=== ASSIGNMENT ===
Each entry should be duplicated verbatim; its pictures should not be.

(Saved entries)
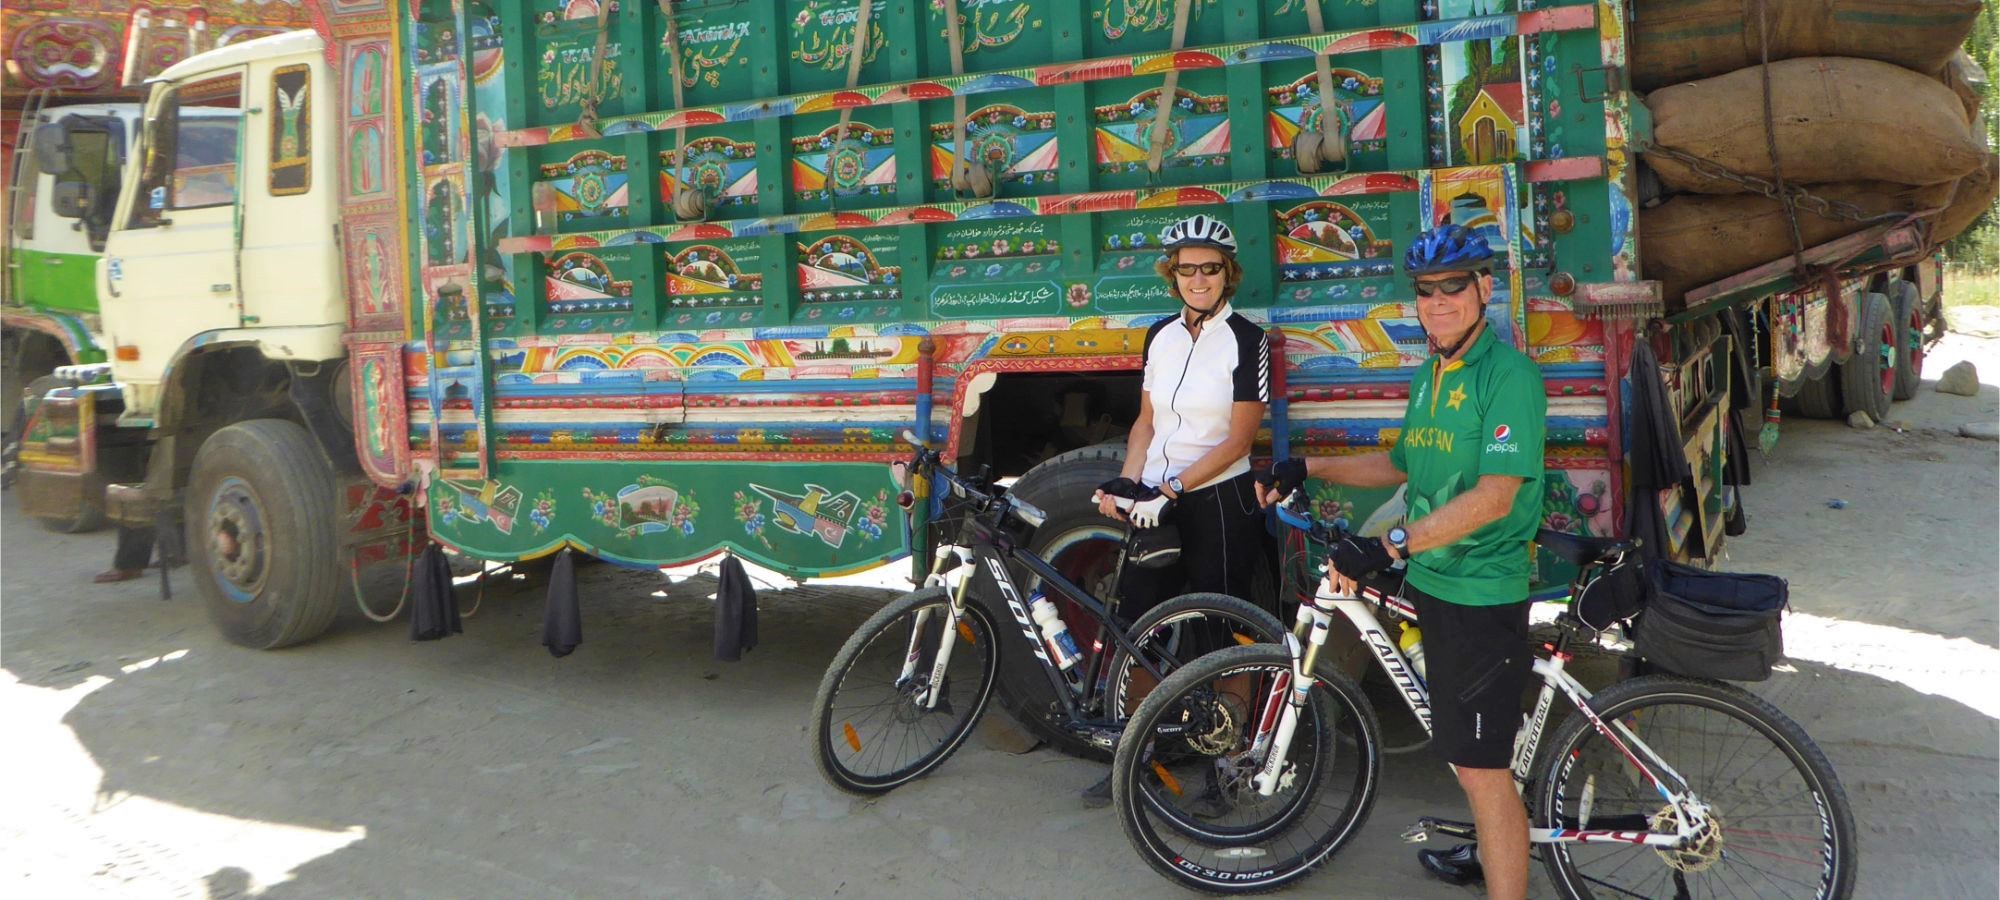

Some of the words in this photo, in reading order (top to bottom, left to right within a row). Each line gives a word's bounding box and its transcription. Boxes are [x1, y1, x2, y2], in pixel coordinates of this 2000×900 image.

[1404, 427, 1454, 454] AKSAN
[1485, 442, 1519, 455] pepsi
[984, 556, 1053, 667] SCOTT
[1365, 629, 1432, 731] CANNON
[1519, 695, 1550, 777] CANNONDALE
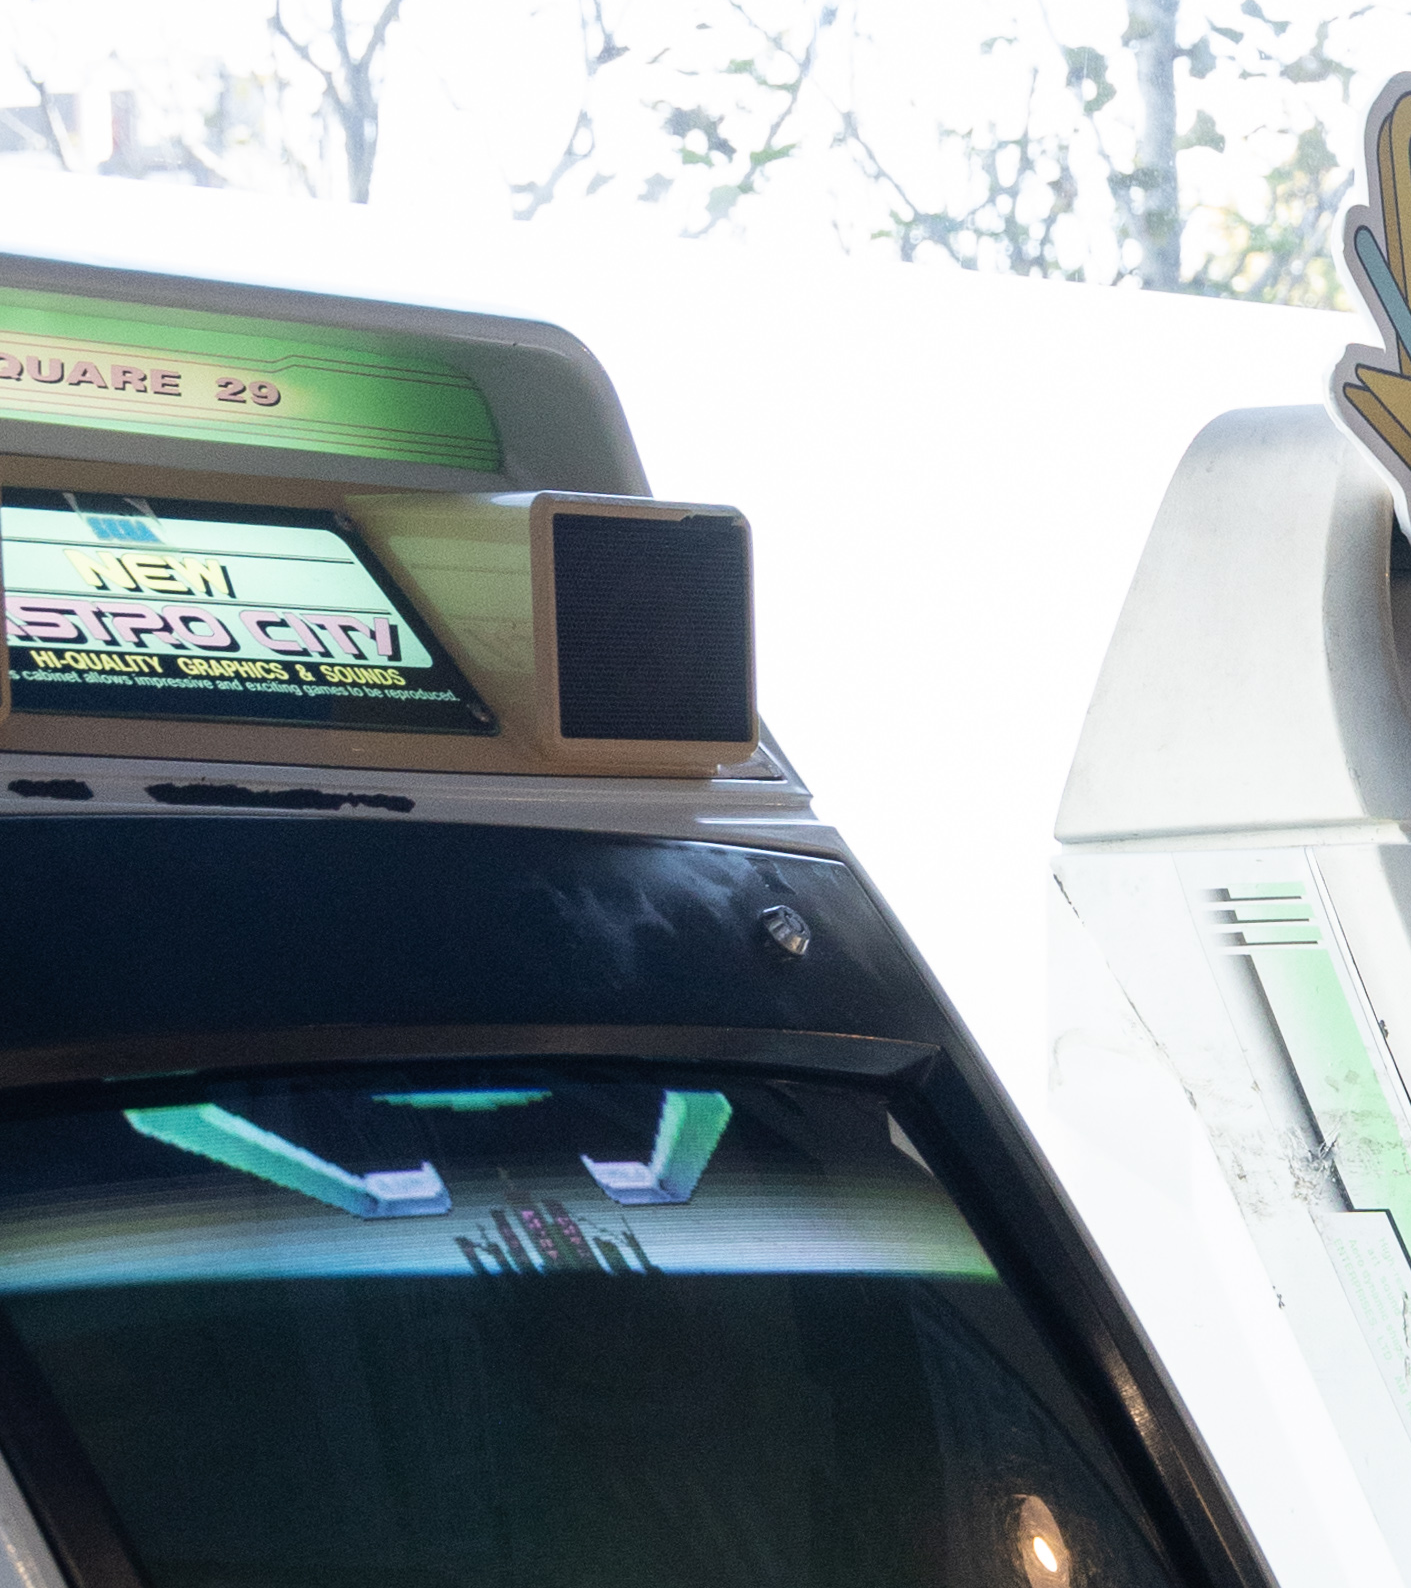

=== ANSWER TO THIS EXERCISE ===
Some of the words in this photo, in reading order (top to bottom, left to right within a row). Each line gives a word's bounding box and its transcription. Boxes are [x1, y1, x2, y2], in pixel coordinates of this 2000×900 image.

[1404, 427, 1454, 454] AKSAN
[1485, 442, 1519, 455] pepsi
[984, 556, 1053, 667] SCOTT
[1365, 629, 1432, 731] CANNON
[1519, 695, 1550, 777] CANNONDALE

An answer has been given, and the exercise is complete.